Being glad about your kind words. Sharing experience, knowledge, thoughts and even some times frustration is a fair part of the free software concept. So I am paying back what I once got by others when I was less trained and what I constantly get as input. There is really enough inspiration from this list too to me, so that I follow discussions where I don't contribute or that I test out things which I wouldn't when not knowing about them.
Jorge
You and all the others: I wish you a great year 2005!
Alexander
Alexander Dalloz wrote:
You and all the others: I wish you a great year 2005!
Alexander
I removed most of your mail - not because it was bad, but all parts were written so well that it would be sad to remove one statement only. It would be unfair to that statement, so I removed all of them :P
I like your style (you know how to handle issues (and english as well) properly, I can see), and it makes sense to use linux as a tool, rather than a system you spend all your time to get running. And I too were very fond of OS/2 .... such a great OS ... the WorkSpace ('Arbejdsplads' in danish, 'Arbeitsplatz' in Deutch, ich vermute) was second to none - OS/2 Workspace recreated for Linux would be fantastic, I believe.
Anyway - Good luck to you (actually, all of you on this list) and a Happy New Year
/Kristian Poul Herkild (heading back to Real Life)
On Sat, 2005-01-01 at 04:58, Alexander Dalloz wrote:
Am Do, den 30.12.2004 schrieb Jorge Fábregas um 5:32:
On Wednesday 29 December 2004 10:19 am, Timothy Payne wrote:
- Since when have you been using Linux? Why Fedora in particular?

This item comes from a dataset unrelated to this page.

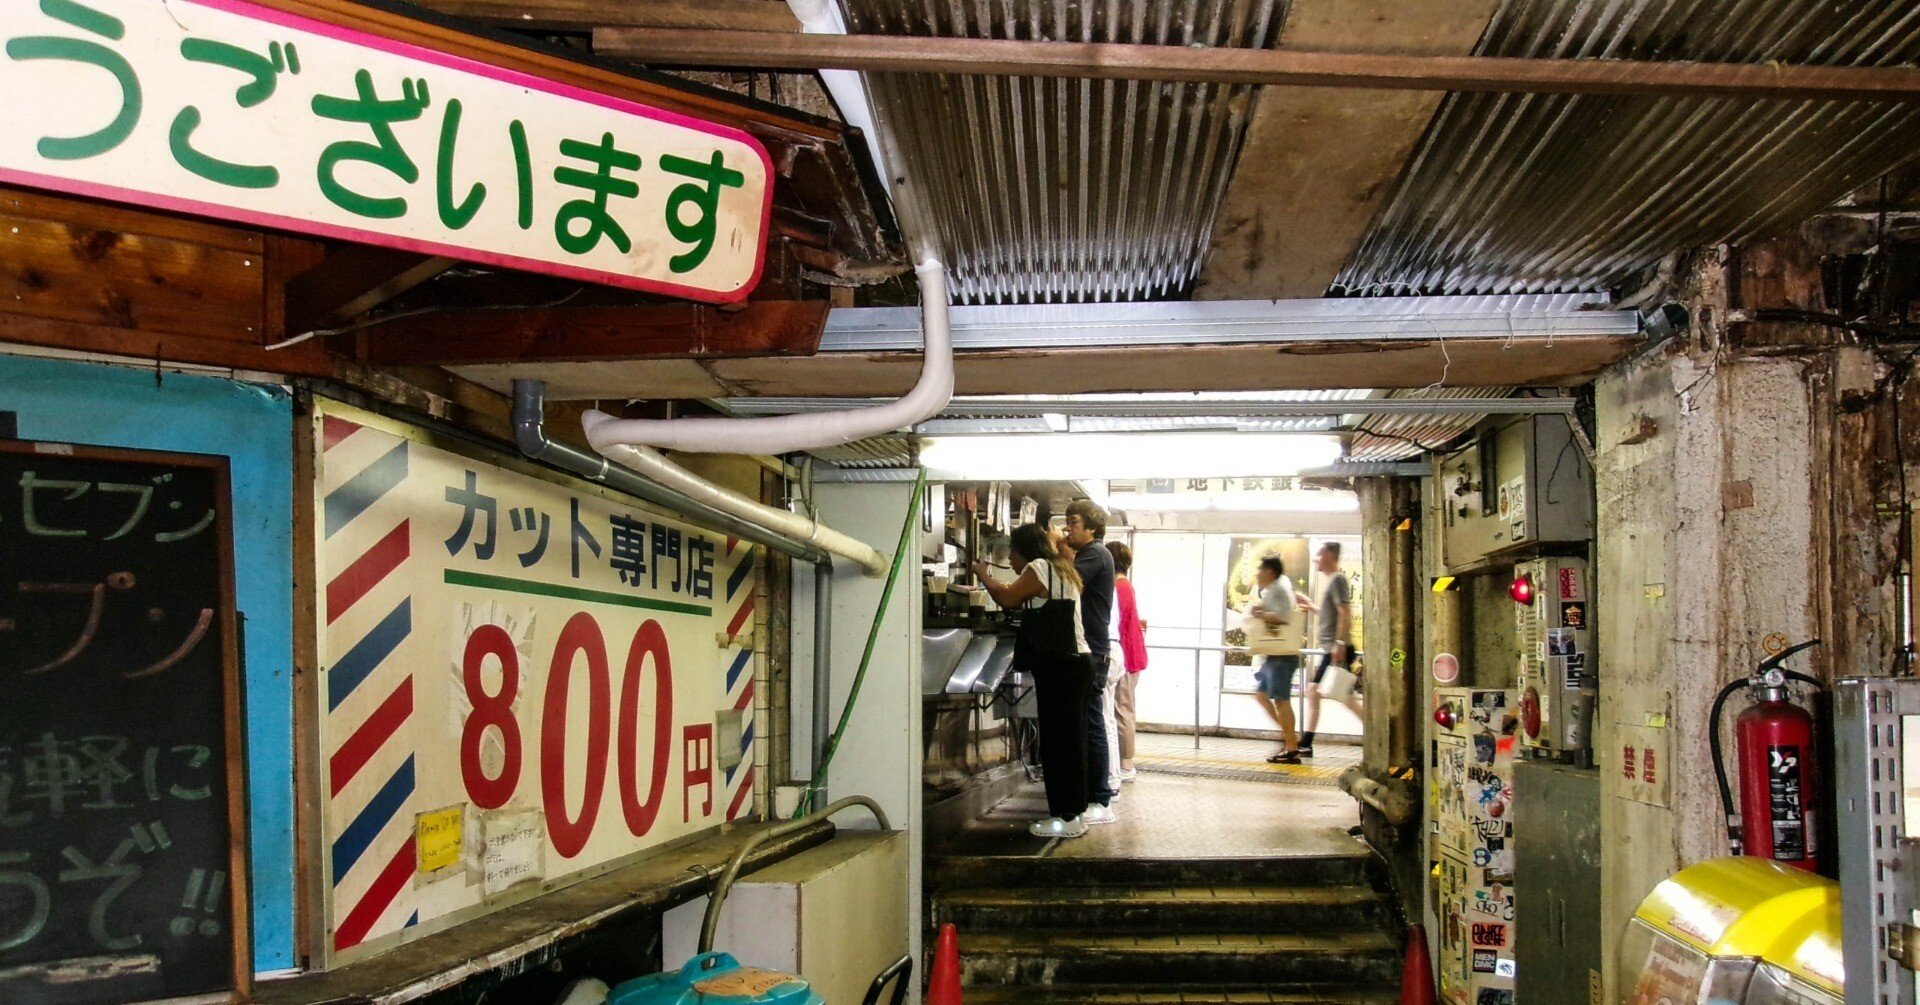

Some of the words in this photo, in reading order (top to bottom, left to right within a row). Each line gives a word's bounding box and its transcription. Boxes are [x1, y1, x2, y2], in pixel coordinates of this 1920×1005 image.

[5, 0, 746, 275] うございます
[444, 469, 715, 600] カット専門店
[460, 611, 713, 858] 800円
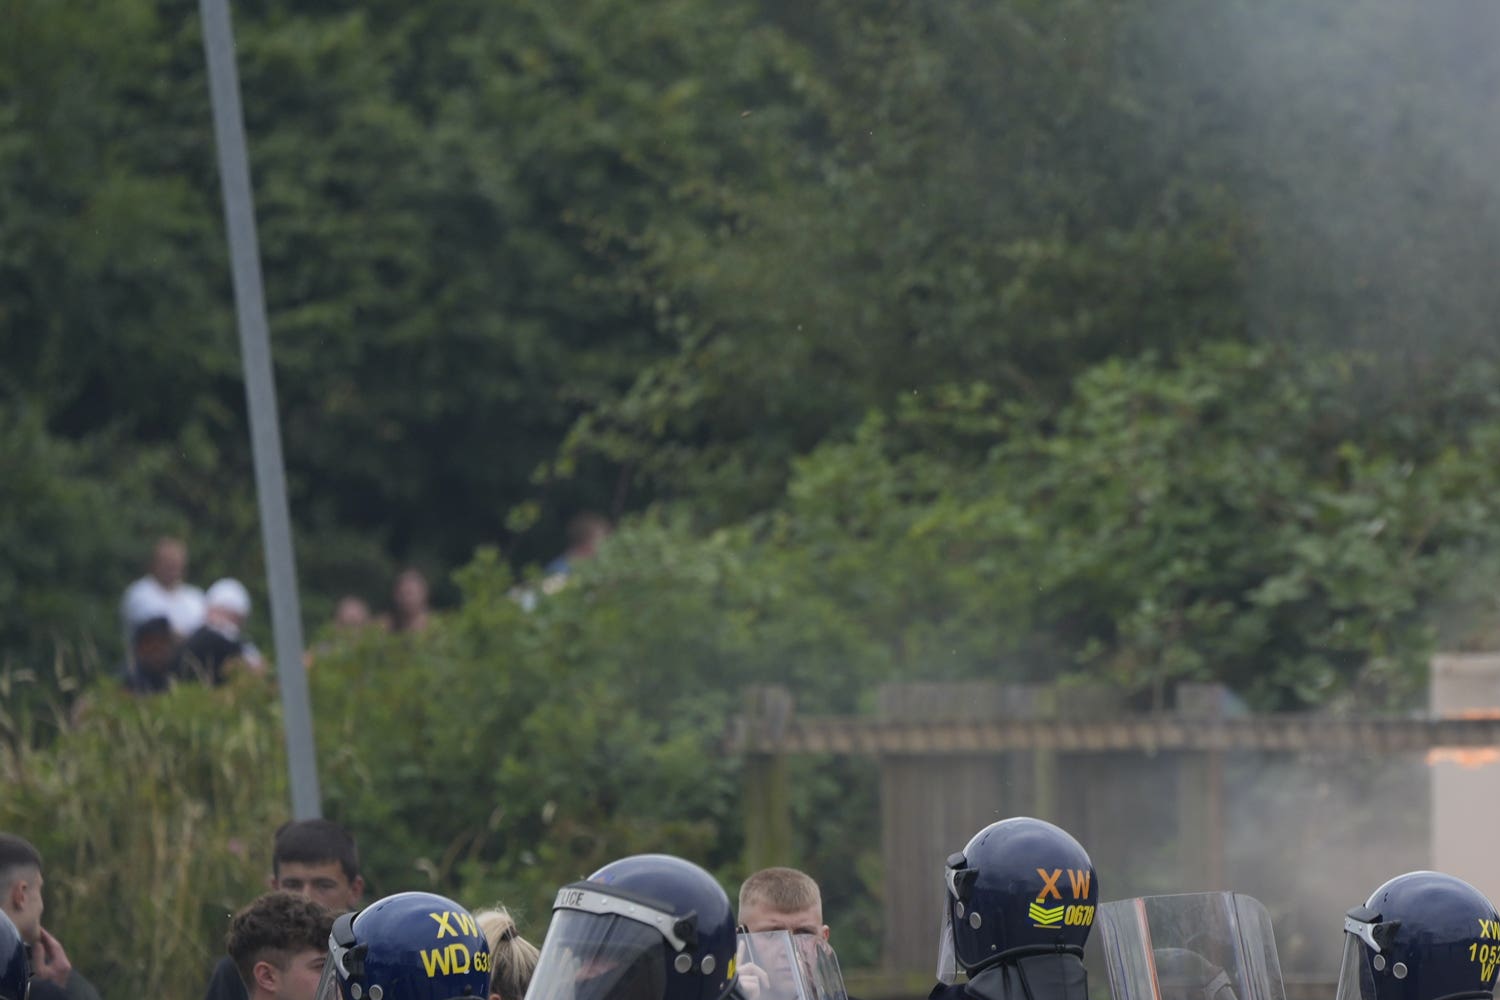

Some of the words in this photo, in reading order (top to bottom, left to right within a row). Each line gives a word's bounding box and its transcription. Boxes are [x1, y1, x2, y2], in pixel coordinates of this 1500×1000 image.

I am using Fedora because after a short time with SuSE in 1998 I switched to Red Hat Linux 5.2 (I still have that box) and used Red Hat since then. I simply like how Red Hat Linux / Fedora is structured internally. For my taste SuSE is too much Yast concentrated which means that using Yast you can't edit things manually. Deactivating Yast makes it difficult to find all the locations where customisation is needed. 1,5 year I had Debian Woody on my desktop system, but the stable Debian isn't something you want on a desktop. testing/unstable is like running Rawhide - the weekly headaches included - and working with the backports didn't make me lucky too. Debian stable is good for old and poor hardware, which runs for limited and specific purposes. At university I still remotely maintain a Debian system running as a print server and internal webserver for accounting data. Gentoo? I gave it a try - from stage 1 onwards.

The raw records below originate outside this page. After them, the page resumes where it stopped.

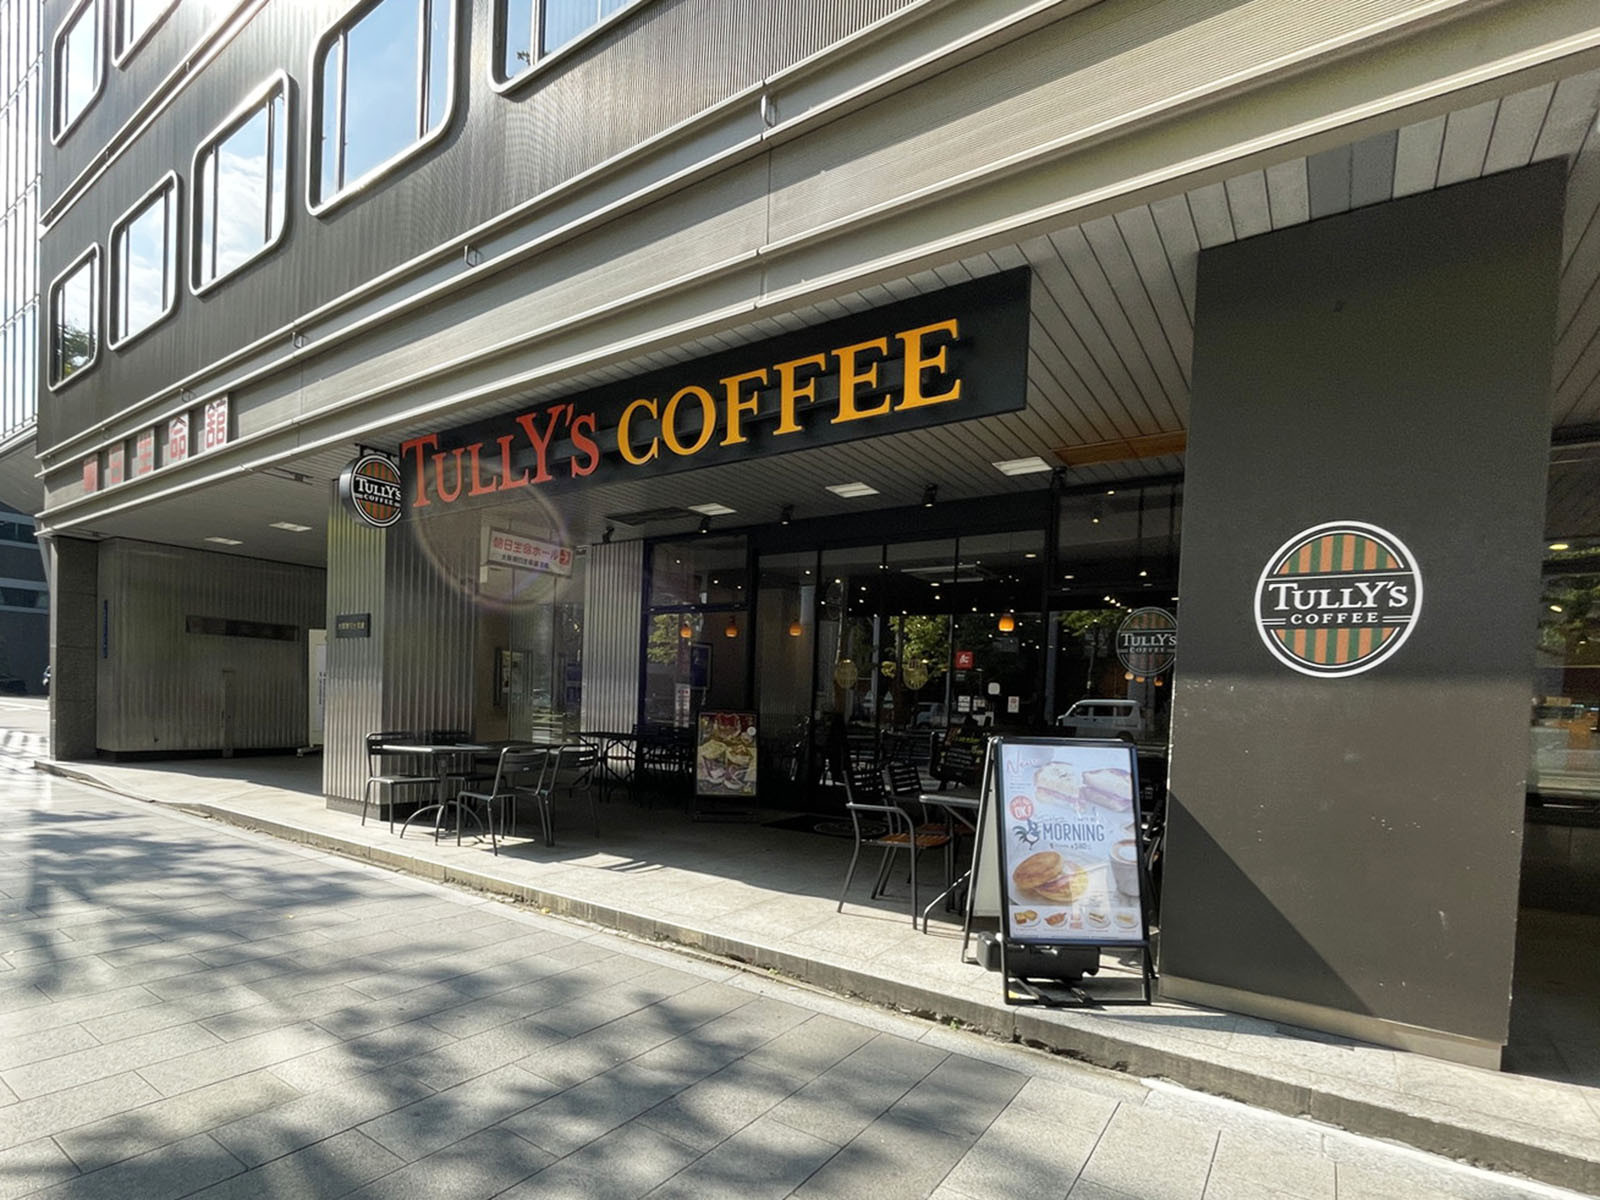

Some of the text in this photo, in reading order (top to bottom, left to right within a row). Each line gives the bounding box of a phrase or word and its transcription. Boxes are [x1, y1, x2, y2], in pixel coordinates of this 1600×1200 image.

[402, 318, 962, 508] TULLY'S COFFEE
[355, 476, 401, 501] TULLY'S
[363, 493, 394, 506] COFFEE
[1268, 580, 1408, 611] TULLY'S
[1290, 612, 1379, 625] COFFEE
[1120, 633, 1177, 646] TULLY'S
[1042, 823, 1105, 842] MORNING

I'm using gentoo as my main distro now. Migrated from FC2 2 months back.
Well, its a system for those type of people having a motor cycle which is 90% of time in the garage where they are dismounting things, repairing, tuning, what else doing with it.

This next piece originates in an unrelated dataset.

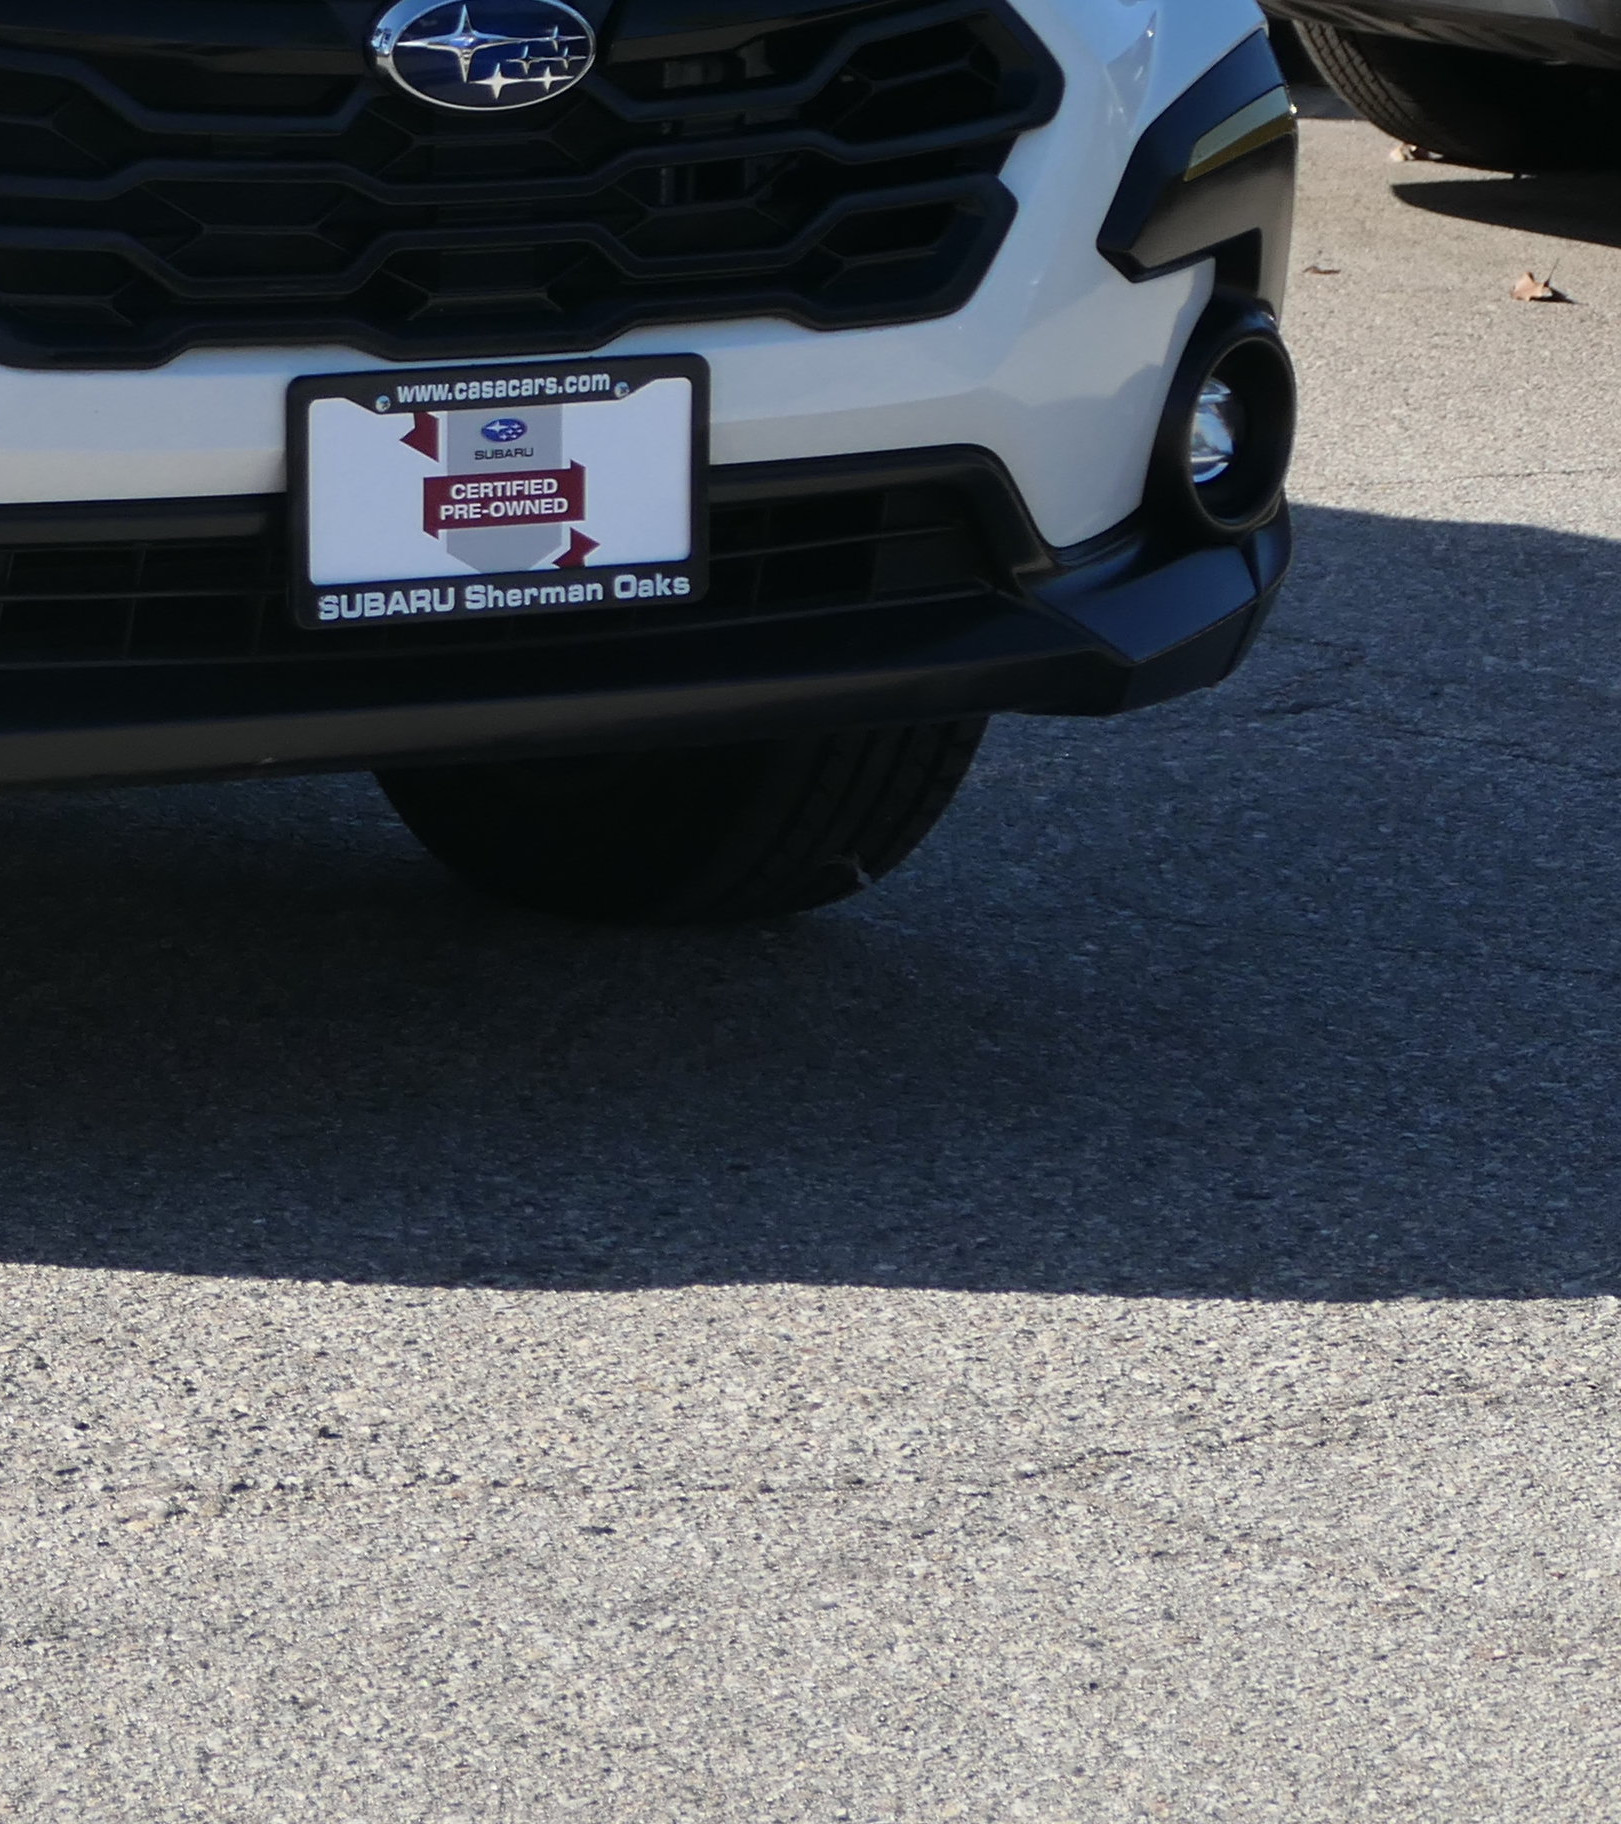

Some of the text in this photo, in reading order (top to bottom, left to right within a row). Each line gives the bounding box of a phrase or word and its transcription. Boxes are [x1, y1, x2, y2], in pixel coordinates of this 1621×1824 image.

I agree that it is a bit of a pain. Having to compile most of everything yourself and it's not suitable for a system with a slow CPU and low MEM. (like my P133 w/128MB Ram, which is why it's on FC3)
And I don't run the most powerful hardware to afford the compile times X.org or OpenOffice.org or a Gnome for instances needs.
There are binary pre-compiled versions for that in portage though. So it saves you a few CPU cycles.
I feel comfortable using gentoo because I don't have to worry about the 18 months Legacy Cycle. It's a word I'm learning to hate. I've Dl'ed Centos and Tao but not had the chance nor the hardware to play with it. (YET)
I feel comfortable using Red Hat / Fedora, think to know the system good enough, am able to use RPM on command line both as user as well with packaging (last not perfectly) and mainly am able to use the system - hardware and the Linux system - as the tool which it should be as a tool.
I'm a redhat/fc user since RH7 IIRC. It was a hit and miss thingy what with no hardware when I was in Uni. Only started serious work on Linux like 1+ year ago when my D600 Laptop came in the door.
Again, really, thanks for your time here on the list.
Being glad about your kind words. Sharing experience, knowledge, thoughts and even some times frustration is a fair part of the free
I'll drink to that.. Hang on.. it's alreay 2005 here. Greets from Asia.
You and all the others: I wish you a great year 2005!